Os ilustres deputados federais poderiam fazer a gentileza de explicar a seus eleitores por que diabos aprovaram um aumento amplo, geral e irrestrito ao funcionalismo público, em todas as esferas , que vai custar ao contribuinte no mínimo R$ 53 bilhões até 2018, e a criação de mais 14.419 cargos federais. Tudo isso no momento em que o país enfrenta a pior crise financeira de sua história e o governo interino pede mais sacrifícios à população.

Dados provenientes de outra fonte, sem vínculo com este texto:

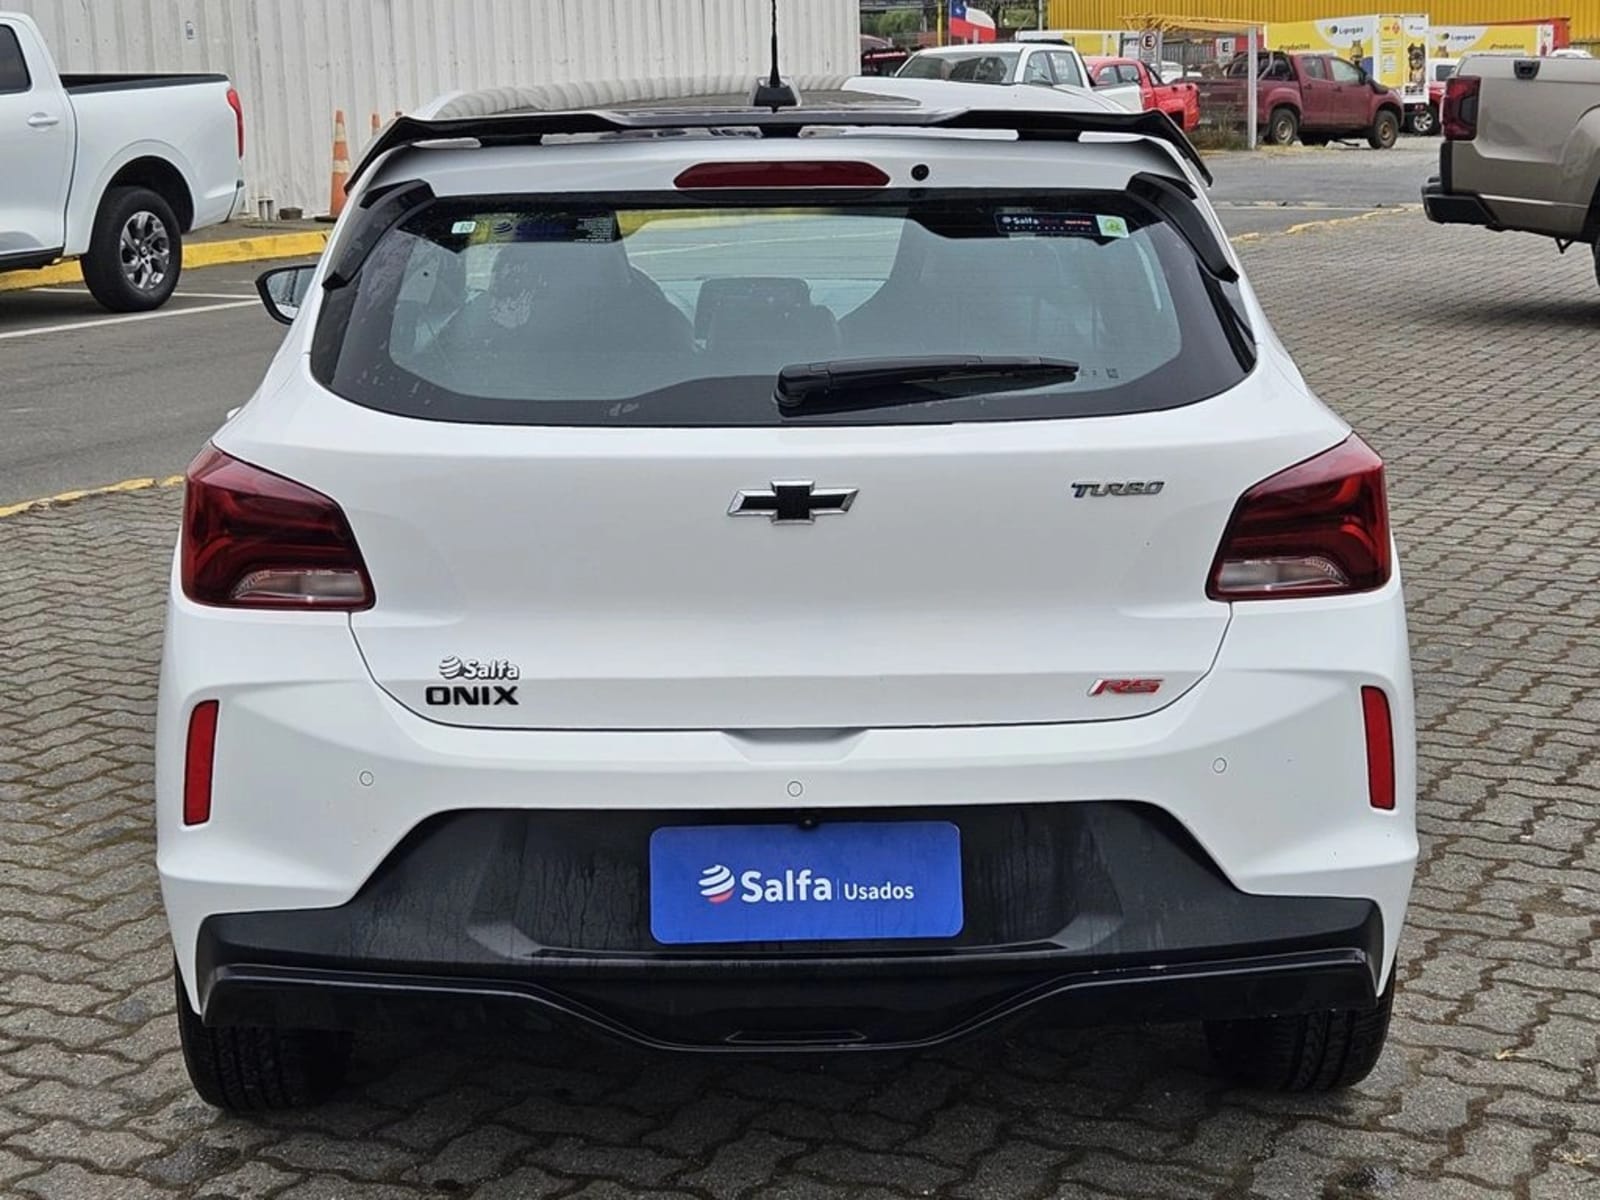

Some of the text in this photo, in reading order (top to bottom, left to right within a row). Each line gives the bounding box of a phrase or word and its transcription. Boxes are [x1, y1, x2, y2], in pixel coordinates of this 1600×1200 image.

[1145, 36, 1153, 47] E
[1222, 42, 1229, 52] E
[1071, 481, 1165, 498] TURBO
[463, 659, 519, 680] Salfa
[425, 686, 519, 705] ONIX
[1087, 679, 1163, 697] RS
[741, 869, 915, 903] Salfa Usados
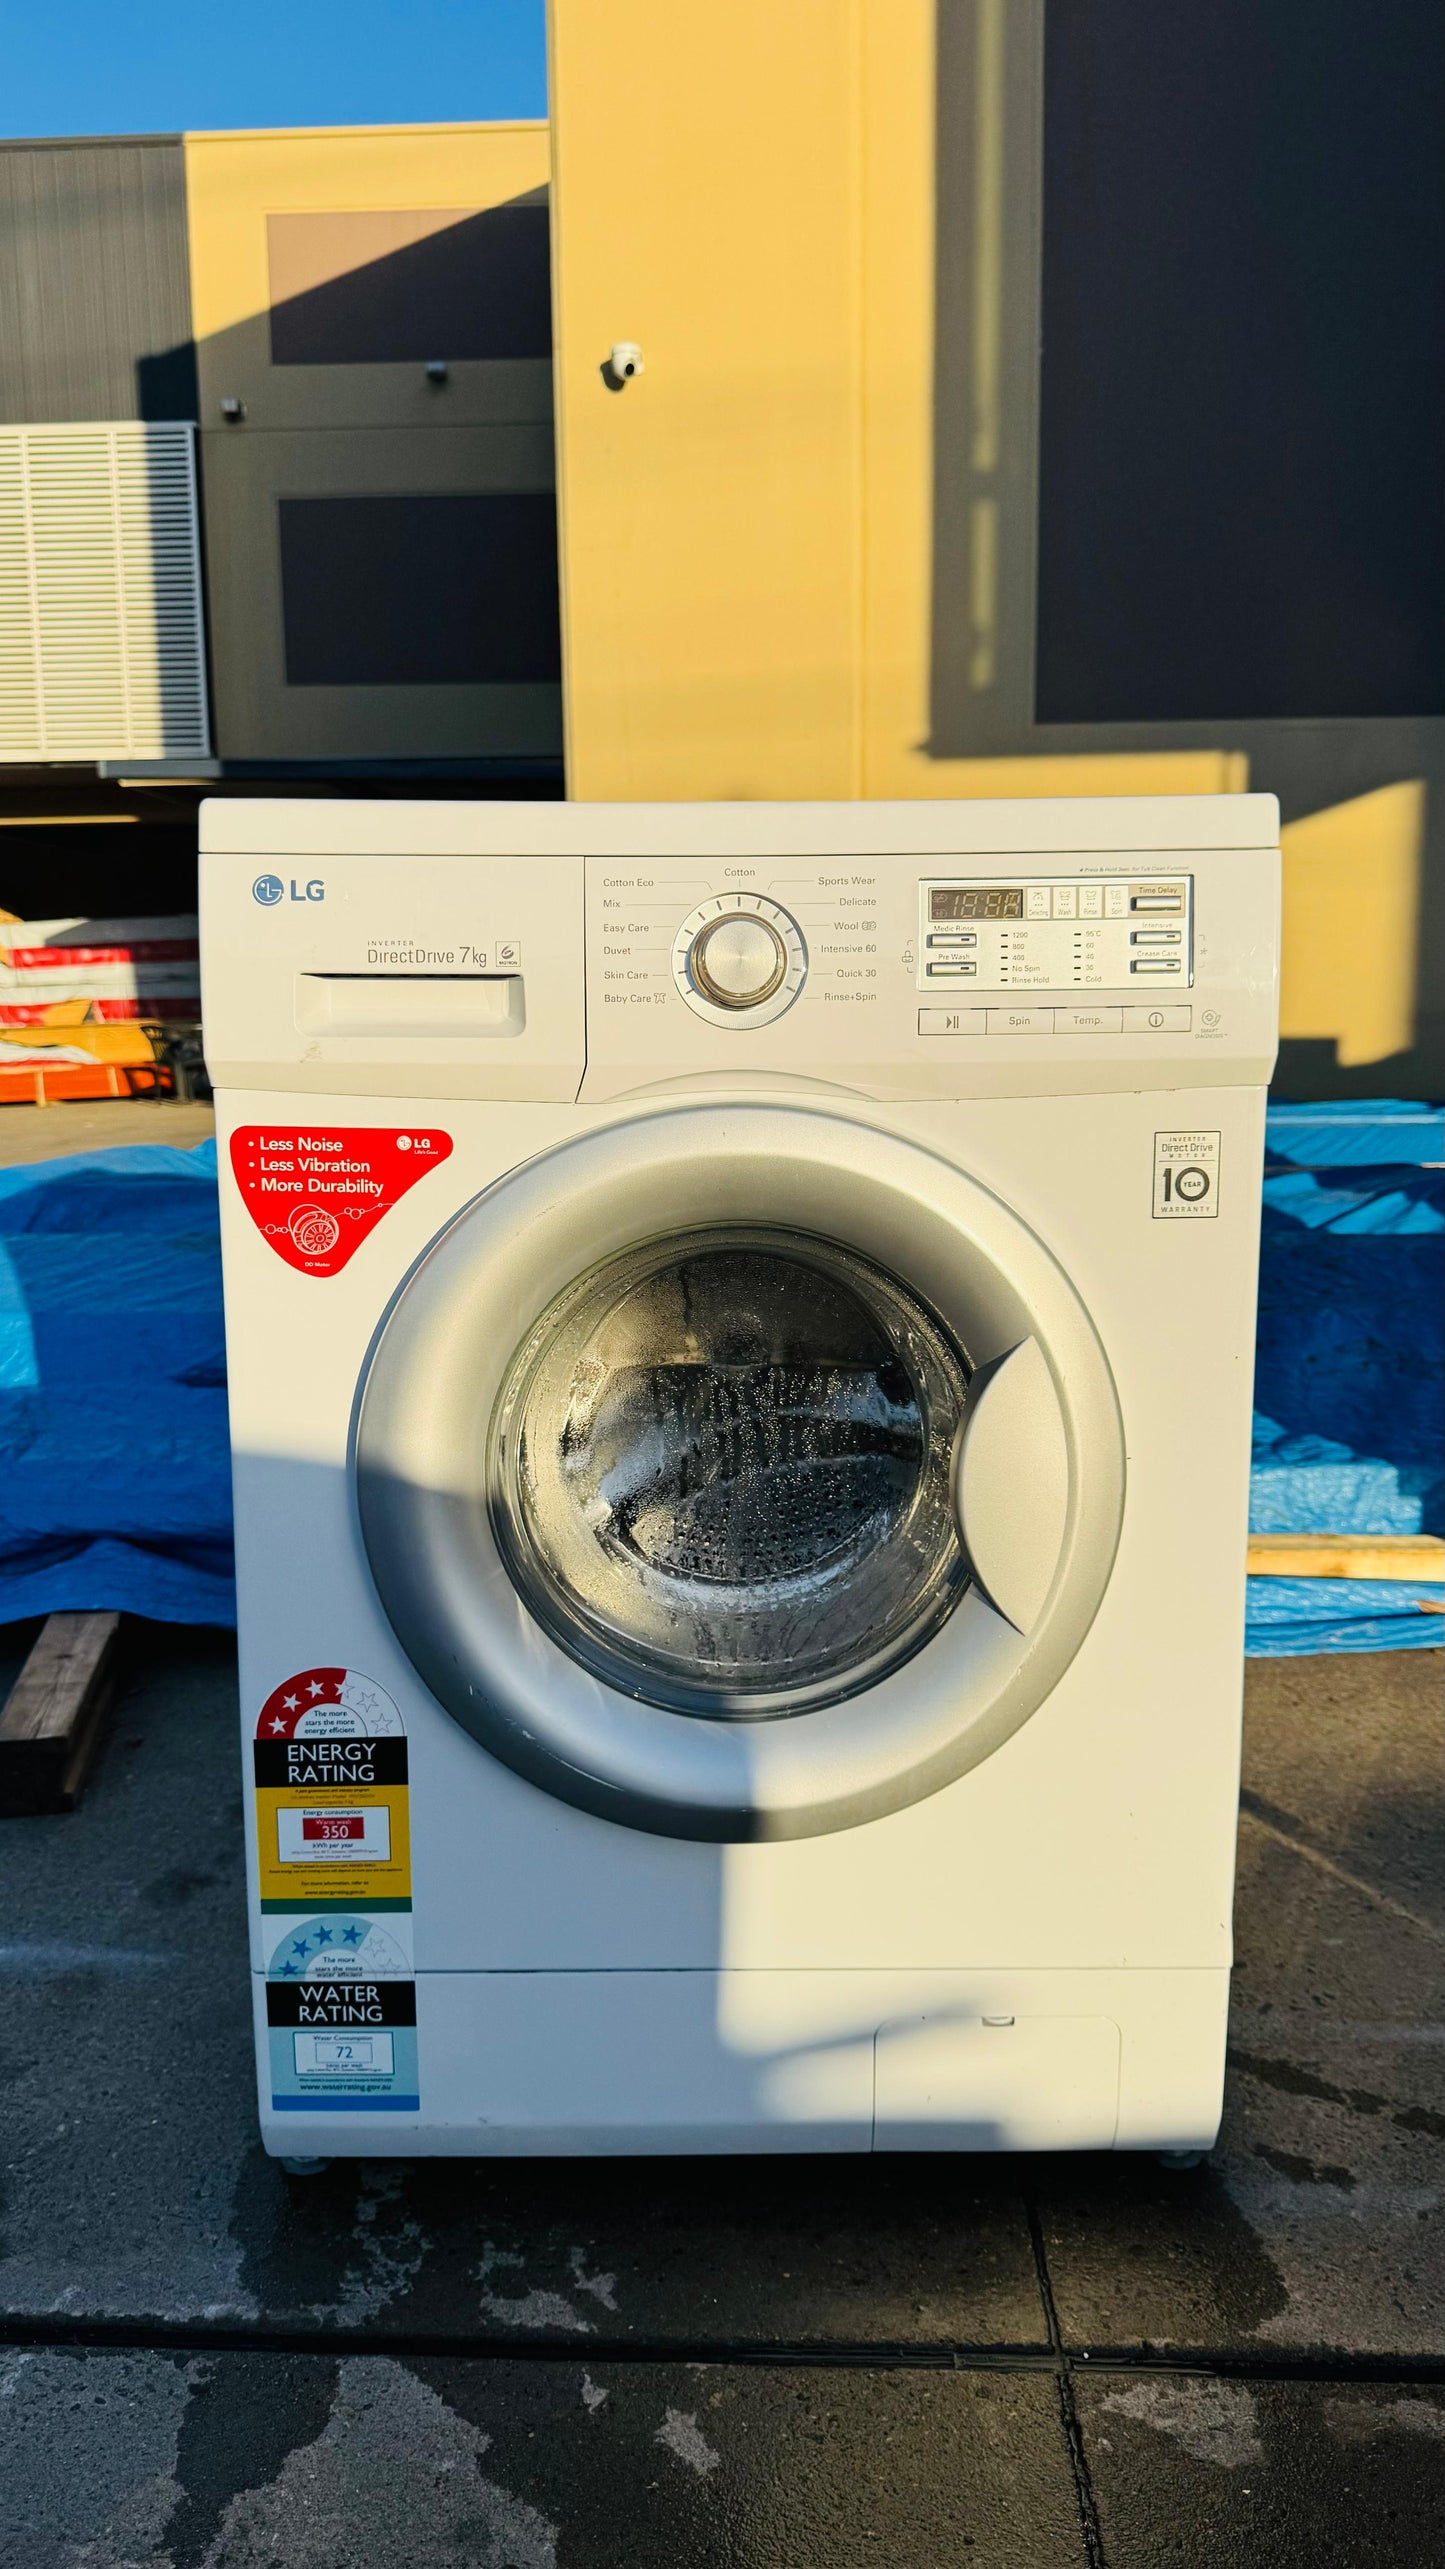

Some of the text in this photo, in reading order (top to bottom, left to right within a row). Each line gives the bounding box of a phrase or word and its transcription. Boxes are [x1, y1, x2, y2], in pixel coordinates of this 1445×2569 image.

[724, 868, 755, 877] Cotton
[603, 878, 654, 887] Cotton Eco
[818, 876, 876, 887] Sports Wear
[290, 880, 324, 901] LG
[1158, 886, 1178, 894] Delay
[603, 900, 620, 908] Mix
[839, 898, 876, 906] Delicate
[603, 924, 649, 934] Easy Care
[834, 922, 859, 931] Wool
[603, 946, 631, 955] Duvet
[821, 944, 877, 953] Intensive 60
[604, 971, 648, 980] Skin Care
[836, 969, 877, 978] Quick 30
[604, 994, 652, 1005] Baby Care
[824, 992, 877, 1002] Rinse+Spin
[1009, 1016, 1031, 1026] Spin
[1073, 1016, 1103, 1025] Temp.
[260, 1137, 343, 1152] Less Noise
[414, 1138, 430, 1148] LG
[1162, 1143, 1214, 1152] Direct Drive
[260, 1158, 370, 1173] Less Vibration
[261, 1178, 384, 1197] More Durability
[1162, 1167, 1210, 1202] 10
[287, 1743, 376, 1762] ENERGY
[288, 1764, 375, 1783] RATING
[322, 1825, 349, 1838] 350
[299, 1986, 380, 2002] WATER
[299, 2005, 382, 2022] RATING
[336, 2046, 353, 2058] 72

O que poderiam dizer os nossos ilustres deputados aos 11,4 milhões de desempregados, aos milhares de empresários e comerciantes que estão fechando seus negócios e colocando mais gente na rua, simplesmente porque não conseguem mais pagar tantos impostos e as contas que chegam no final do mês?
Temer aplaude
O governo Dilma Rousseff (PT) foi uma tragédia. Jogou o país na crise e, afastada, nem cuidar dos netos ainda foi. Mas o governo Temer segue a mesma toada, revelando sensibilidade zero ou desprezo pelo desespero de milhões de brasileiros. Dois ministros já caíram e outros estão enrolados em denúncias de corrupção ou envolvimento na Lava Jato.
Ao mesmo tempo em que pede mais sacrifícios ao povo, Temer elogia o Congresso por conceder o aumento fora de hora ao funcionalismo e por criar mais cargos federais. Qualquer cidadão minimamente informado percebe que Temer bajula o Congresso e o Judiciário para permanecer no poder até 2018. A presidente afastada fazia o mesmo, leiloando ministérios, distribuindo cargos. Deu no que deu.
Que rei sou eu?
São poucos os parlamentares que percebem que Temer parece ser o comandante de mais um Titanic. O tucano Nelson Marchezan Jr é um deles. “Dizem aqui que não posso ser mais realista que o rei. Se o governo encaminha isso, devemos votar a favor. Quero lembrar que acabamos de depor uma rainha porque ela administrou as contas públicas contrariamente ao interesse popular. Espero também que esse novo rei mude sua forma de reinar, para que ele não siga o mesmo caminho da rainha deposta”.
Para Marchezan Jr, o governo de Temer “deu um péssimo recado para o mercado e a sociedade”. O fato é que os nossos ilustres deputados aprovaram o aumento geral do funcionalismo e ganharam aplausos do presidente.
Que tenham a decência de não pedir mais sacrifícios.
Sem garantias para hospital
Para que o leitor tenha noção do que se passa, a Câmara Federal liberou R$ 53 bilhões para o funcionalismo sob aplauso do governo, o mesmo governo que não garante nem R$ 10 milhões por mês para que o Hospital dos Estivadores – fundamental para minimizar os problemas de saúde na região – possa funcionar em sua plenitude.
Talvez a saúde não seja uma prioridade para o governo interino e nem para seus apoiadores no Congresso. Melhor rezar para não ficar doente.
Ativista critica medidas que aumentam rombo nas contas públicas
Em entrevista no programa Jornal da Orla na TV, o coordenador do Mobilização Santista, Luiz Fernando Lobão, criticou duramente o presidente em exercício, Michel Temer, e o Congresso Nacional, que aprovaram medidas que vão aumentar o rombo nas contas públicas. “É inadmissível uma situação dessas”, disse. “Ou tem a sensibilidade de enfrentar a crise, mesmo que seja com medidas duras, ou simplesmente esse país vai quebrar”.
Lobão acredita em outro modelo, “baseado no mérito, na liberdade econômica, com menos impostos. Um modelo em que o governo não diga o que nós temos que fazer, e sim o que nós digamos o que o governo tem que fazer”.
Segundo ele, a solução para o Brasil passa pelas ações individuais e cotidianas das pessoas. “Quando você fura a fila ou tenta subornar o guarda, isso é corrupção”.